Os produtos e serviços desenvolvidos em centros de investigação portugueses precisam de adquirir escala para se afirmarem nos mercados mundiais, defendeu o secretário de Estado da Economia.
Para João Correia Neves, Portugal começa a ter «capacidade de, a partir do conhecimento, construir produtos e serviços ajustados às necessidades”, sendo que, mesmo assim, “é preciso um esforço maior».
«Temos tradicionalmente essa dificuldade de valorizar o conhecimento, do ponto de vista económico”, notou o secretário de Estado da Economia.

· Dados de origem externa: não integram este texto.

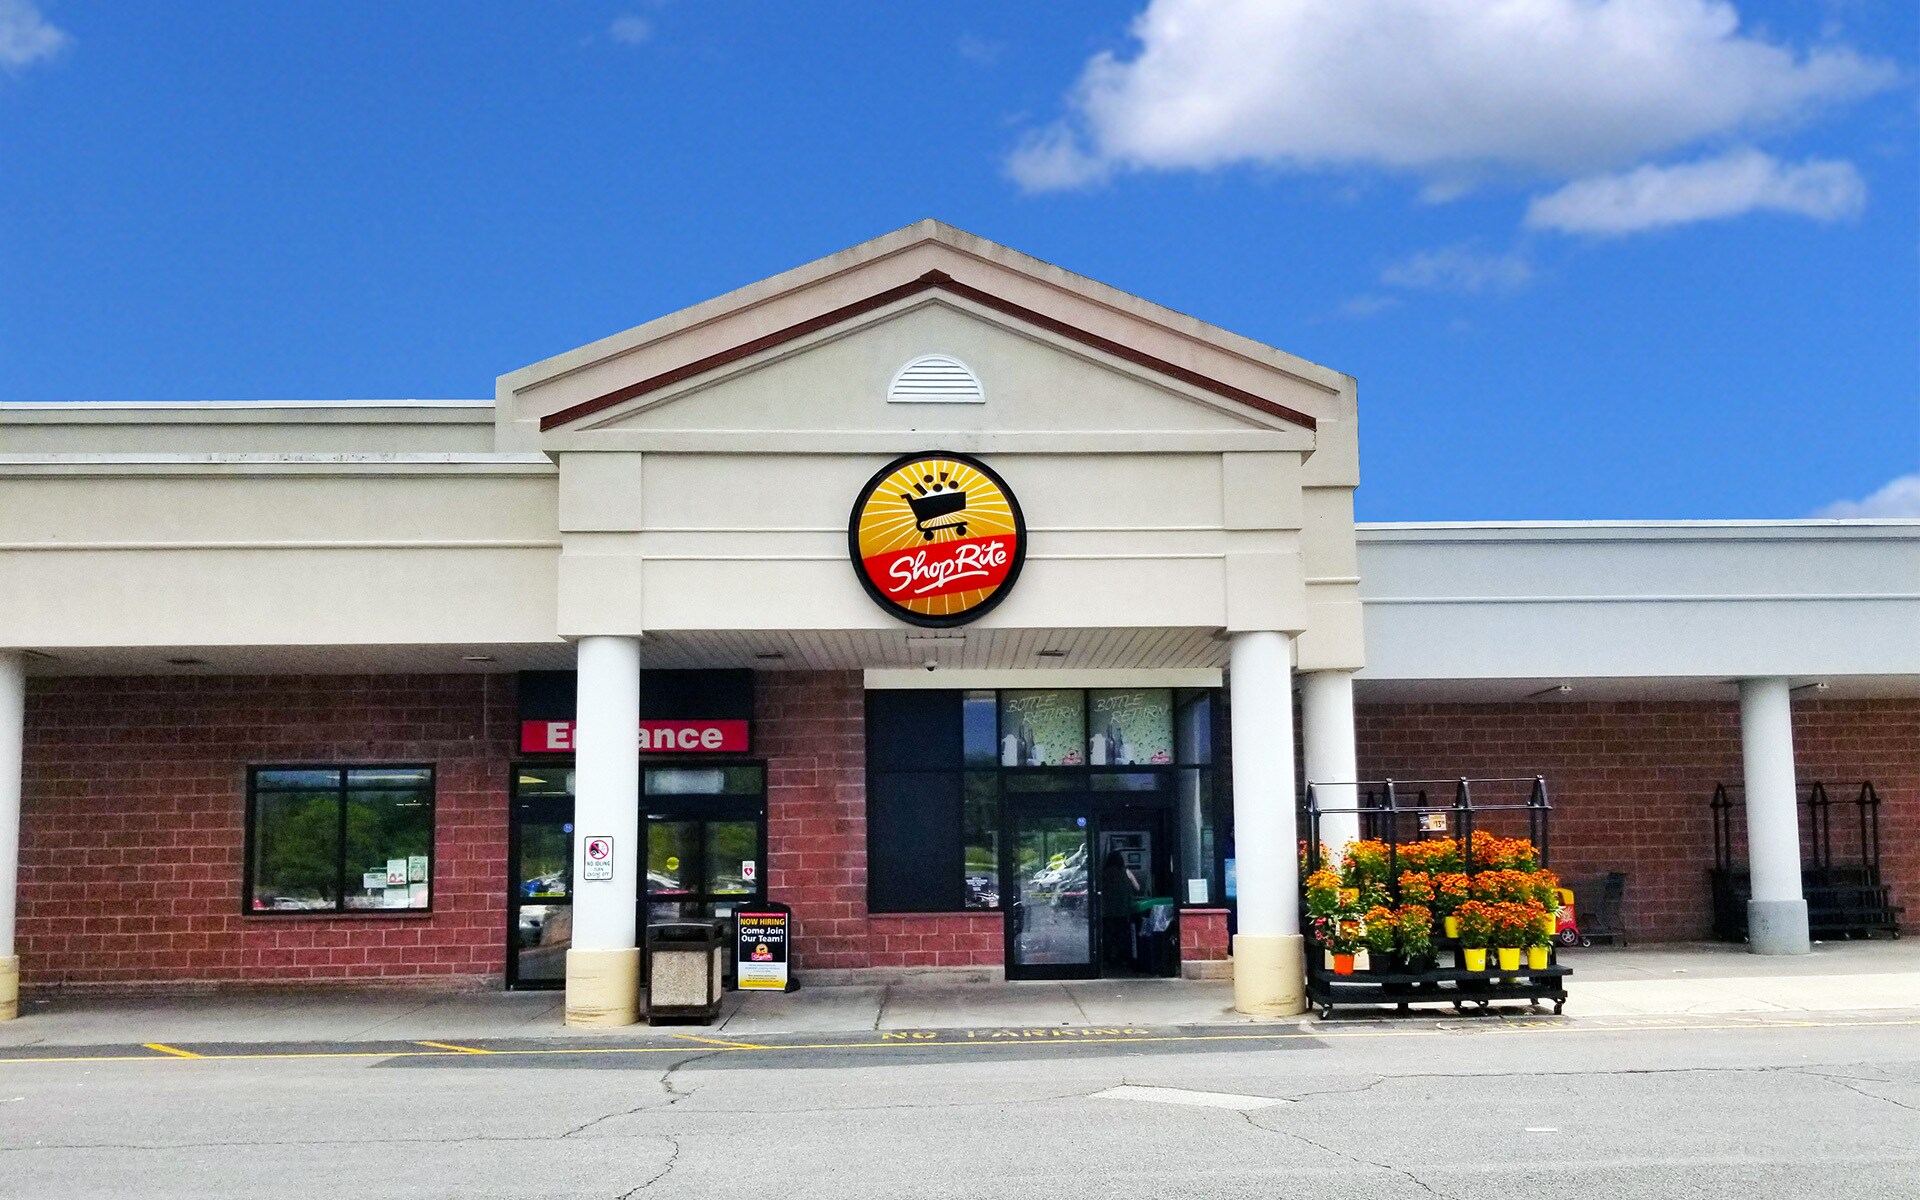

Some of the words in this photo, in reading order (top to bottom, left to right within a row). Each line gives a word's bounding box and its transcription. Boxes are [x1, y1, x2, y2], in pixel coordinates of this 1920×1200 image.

Segundo o governante, «há bons exemplos», mas é necessário que os projetos portugueses consigam ganhar escala e capacidade de afirmação nos mercados internacionais e isso «faz-se com persistência» e multiplicando os bons exemplos.
João Correia Neves frisou ainda que, para se conseguir chegar aos mercados mundiais, é também necessário ter capacidade de articular o conhecimento produzido nos centros de investigação portugueses com as empresas adequadas, «que tanto podem ser empresas portuguesas como internacionais».
«Em alguns casos, como a saúde, temos empresas de dimensão muito limitada. Se queremos ter patentes para uma escala internacional, temos que ir às empresas de topo dessas áreas e oferecer aquilo que temos de bom», defendeu.